Bicep: policy remediation task complains about missing parameter
Below is my bicep code to create and assign a policy to detect key vaults which don't have diagnostic settings. And the policy has a deployIfNotExists setting. So It should be capable of creating the missing diagnostic setting as well. (from portal with remediation process)

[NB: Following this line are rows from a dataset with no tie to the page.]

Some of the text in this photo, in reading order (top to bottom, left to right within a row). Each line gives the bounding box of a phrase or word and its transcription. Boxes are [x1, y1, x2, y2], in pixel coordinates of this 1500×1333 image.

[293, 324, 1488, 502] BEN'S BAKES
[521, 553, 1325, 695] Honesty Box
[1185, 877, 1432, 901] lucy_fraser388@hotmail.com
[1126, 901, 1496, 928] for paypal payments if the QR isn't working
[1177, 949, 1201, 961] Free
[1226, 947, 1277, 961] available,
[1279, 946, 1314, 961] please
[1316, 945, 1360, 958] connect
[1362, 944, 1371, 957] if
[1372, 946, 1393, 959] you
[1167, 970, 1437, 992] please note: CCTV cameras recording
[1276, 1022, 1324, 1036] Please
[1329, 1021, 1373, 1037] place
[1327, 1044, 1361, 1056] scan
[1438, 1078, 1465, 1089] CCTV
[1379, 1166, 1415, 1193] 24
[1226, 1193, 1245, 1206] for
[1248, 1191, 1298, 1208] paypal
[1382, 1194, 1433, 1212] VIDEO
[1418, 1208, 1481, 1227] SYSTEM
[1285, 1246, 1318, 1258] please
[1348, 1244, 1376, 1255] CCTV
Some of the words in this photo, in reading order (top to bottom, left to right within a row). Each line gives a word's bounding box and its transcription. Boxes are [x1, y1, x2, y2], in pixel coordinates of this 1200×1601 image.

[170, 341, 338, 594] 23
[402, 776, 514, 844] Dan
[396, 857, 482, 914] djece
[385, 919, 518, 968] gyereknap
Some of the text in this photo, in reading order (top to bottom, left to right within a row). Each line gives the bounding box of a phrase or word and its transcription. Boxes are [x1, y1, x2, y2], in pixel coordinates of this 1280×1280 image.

targetScope = 'subscription'
param diagnosticSettingName string = 'kv-local-diag'
param location string = 'westus'
resource localWorkspace 'Microsoft.OperationalInsights/workspaces@2021-12-01-preview' existing = {
scope: resourceGroup('myResourceGroup')
name: 'la-demo-01'
}
resource kvPolicy 'Microsoft.Authorization/policyDefinitions@2020-09-01' = {
name: 'bicepKvPolicy'
properties: {
displayName: 'Keyvault central diagnostics policy'
description: 'DeployIfNotExists a when diagnostic is not available for the keyvault'
policyType: 'Custom'
mode: 'All'
metadata: {
category: 'Custom'
source: 'Bicep'
version: '0.1.0'
}
parameters: {}
policyRule: {
if: {
allOf: [
{
field: 'type'
equals: 'microsoft.keyvault/vaults'
}
]
}
then: {
effect: 'deployIfNotExists'
details: {
roleDefinitionIds: [
'/providers/microsoft.authorization/roleDefinitions/b24988ac-6180-42a0-ab88-20f7382dd24c'
]
type: 'Microsoft.Insights/diagnosticSettings'
existenceCondition: {
allOf: [
{
field: 'Microsoft.Insights/diagnosticSettings/logs[*].category'
equals: 'audit'
}
]
}
deployment: {
properties: {
mode: 'incremental'
template: {
'$schema': 'https://schema.management.azure.com/schemas/2015-01-01/deploymentTemplate.json#'
contentVersion: '1.0.0.0'
parameters: {
resourceName: {
type: 'String'
metadata: {
displayName: 'resourceName'
description: 'Name of the resource'
}
}
}
variables: {}
resources: [
{
type: 'microsoft.keyvault/vaults/providers/diagnosticSettings'
apiVersion: '2021-05-01-preview'
name: diagnosticSettingName
scope: '[concat(parameters(\'resourceName\'),\'/Microsoft.Insights/\', \'-${diagnosticSettingName}\')]'
properties: {
workspaceId: localWorkspace.id
logs: [
{
category: 'AuditEvent'
categoryGroup: null
enabled: true
retentionPolicy: {
days: 90
enabled: true
}
}
]
metrics: [
{
category: 'AllMetrics'
enabled: true
retentionPolicy: {
days: 90
enabled: true
}
timeGrain: null
}
]
}
}
]
}
}
parameters: {
resourceName: {
value: '[field(\'name\')]'
}
}
}
}
}
}
}
}
resource bicepExampleAssignment 'Microsoft.Authorization/policyAssignments@2022-06-01' = {
name: 'bicepExampleAssignment'
location: location
identity: {
type: 'SystemAssigned'
}
properties: {
displayName: 'KV diagnostic policy assignement'
description: 'KV diagnostic policy assignment'
enforcementMode: 'Default'
metadata: {
source: 'Bicep'
version: '0.1.0'
}
policyDefinitionId: kvPolicy.id
resourceSelectors: [
{
name: 'selector'
selectors: [
{
kind: 'resourceType'
in: [
'microsoft.keyvault/vaults'
]
}
]
}
]
nonComplianceMessages: [
{
message: 'Resource is not compliant with a DeployIfNotExists policy'
}
]
}
}
resource roleAssignment 'Microsoft.Authorization/roleAssignments@2020-04-01-preview' = {
name: guid(bicepExampleAssignment.name, bicepExampleAssignment.type, subscription().subscriptionId)
properties: {
principalId: bicepExampleAssignment.identity.principalId
roleDefinitionId: '/providers/microsoft.authorization/roleDefinitions/b24988ac-6180-42a0-ab88-20f7382dd24c'
}
}After my deployment, I can see that my policy is created and assigned properly. When I create a remediation task in the Azure portal. Also, I can see that the policy is picking up Key Vaults with missing diagnostic settings.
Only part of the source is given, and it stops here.